UCSF chemists have successfully redesigned a failed next-generation malaria drug to overcome critical formulation challenges that derailed its clinical development, potentially reviving hopes for a single-dose treatment against drug-resistant malaria parasites.
The research team, led by Adam Renslo, PhD, professor of pharmaceutical chemistry in the UCSF School of Pharmacy, tackled the solubility problems that plagued artefenomel, an artemisinin-inspired compound that was withdrawn from clinical trials in January 2025 despite showing promise as a potent anti-malarial agent.
Addressing Critical Drug Resistance
The urgency for new malaria treatments has intensified as artemisinin resistance, previously confined to Southeast Asia, spreads into Africa. "Now that drug resistance is in Africa, many more lives are at risk. These new molecules could give us the upper hand we need to control this deadly disease," Renslo stated.
Phil Rosenthal, MD, professor of medicine at UCSF and co-author of the study published August 8 in Science Advances, emphasized the timeline pressures: "We've tracked artemisinin resistance for years in Southeast Asia, but we're now seeing it spread to Africa, where 95% of cases and 95% of deaths occur. Given how long it takes to develop new drugs, there is widespread consensus that we need better drugs to circumvent this resistance ASAP."
Molecular Symmetry Solution
The breakthrough came from recognizing that artefenomel's highly symmetrical molecular structure caused it to form crystals that resisted dissolution. This property made the drug difficult to formulate into pills and required administration as an oral suspension that patients, particularly children, had trouble tolerating.
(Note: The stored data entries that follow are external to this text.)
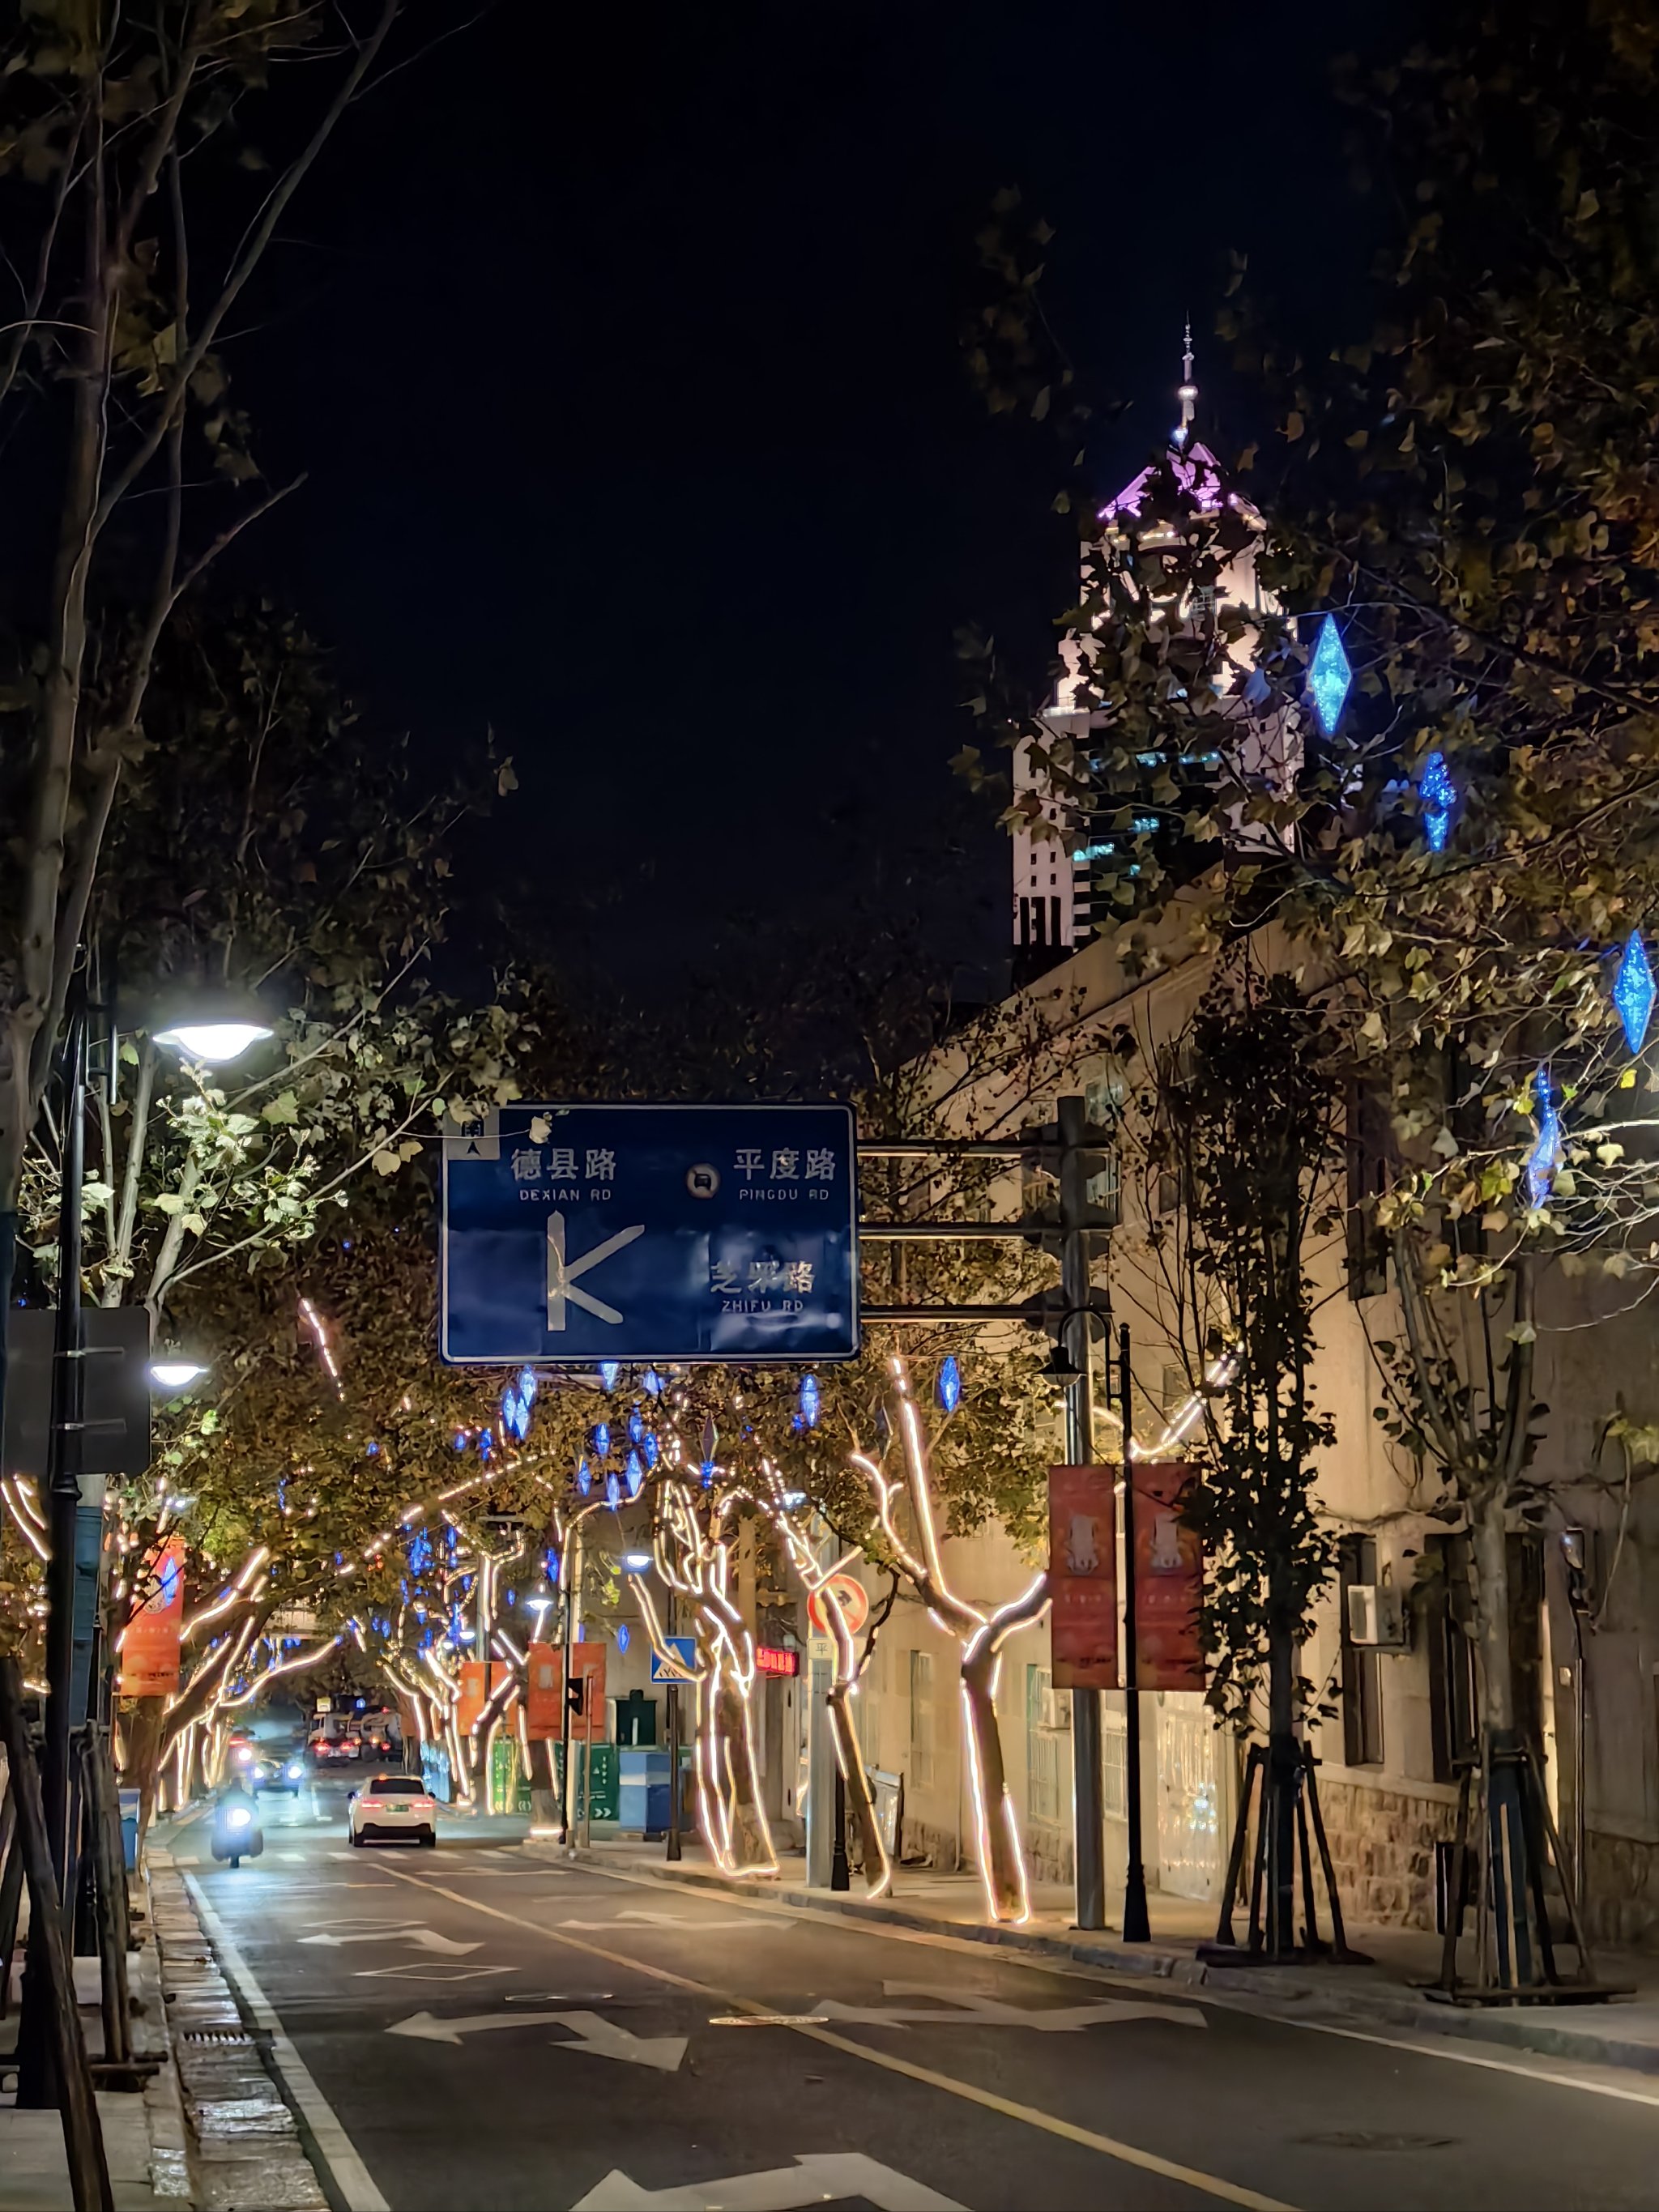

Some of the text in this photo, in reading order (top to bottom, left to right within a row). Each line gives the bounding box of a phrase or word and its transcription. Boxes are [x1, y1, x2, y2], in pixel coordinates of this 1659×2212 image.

[511, 1149, 616, 1181] 德县路
[733, 1148, 836, 1180] 平度路
[519, 1189, 612, 1201] DEXIAN RD
[740, 1188, 829, 1200] PINGDU RD
[722, 1300, 804, 1313] ZHIFU RD
"Highly symmetrical molecules tend to clump into crystals that are slow to dissolve," Renslo explained. The team hypothesized that reducing the molecule's symmetry would prevent this clumping and improve solubility.
Their first successful attempt at creating a less-symmetric version validated this approach when the modified compound "disappeared immediately into a water-like solution."
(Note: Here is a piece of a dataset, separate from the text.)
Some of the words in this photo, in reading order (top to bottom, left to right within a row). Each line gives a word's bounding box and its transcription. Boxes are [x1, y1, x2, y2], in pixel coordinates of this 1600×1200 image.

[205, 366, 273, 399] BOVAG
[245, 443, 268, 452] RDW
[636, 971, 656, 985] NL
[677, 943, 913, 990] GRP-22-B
Maintained Efficacy Against Resistant Strains
The optimized compound underwent comprehensive testing against malaria parasites in cellular assays, animal models, and crucially, against artemisinin-resistant parasites obtained from blood samples of malaria patients in Uganda. The results demonstrated that the redesigned molecule maintained equal potency to the original artefenomel while showing superior effectiveness compared to artemisinin against resistant parasite strains.
Clinical Advantages
The improved solubility properties address multiple clinical challenges that hindered artefenomel's development. The new formulation can be easily incorporated into pill form and combined with other anti-malarial drugs, potentially enabling the development of single-dose treatment regimens.
"For a disease like malaria, you would ideally like to cure the patient with one pill or a handful of pills and be done with it," Renslo noted. "A multi-day regimen risks missing a dose."
This represents a significant improvement over current artemisinin-based combination therapies (ACTs), which require three consecutive days of treatment to be effective.
Global Health Impact
With malaria killing approximately 600,000 people annually, most of them children in Sub-Saharan Africa, the development of effective treatments against resistant strains represents a critical global health priority. The research, funded by the National Institutes of Health, offers hope for addressing the growing threat of artemisinin resistance.
"We're optimistic that a simple chemical change like this can pave the way for an effective successor to artemisinin," Renslo concluded, "one that's cheap to make and easy to combine with other anti-malarial drugs."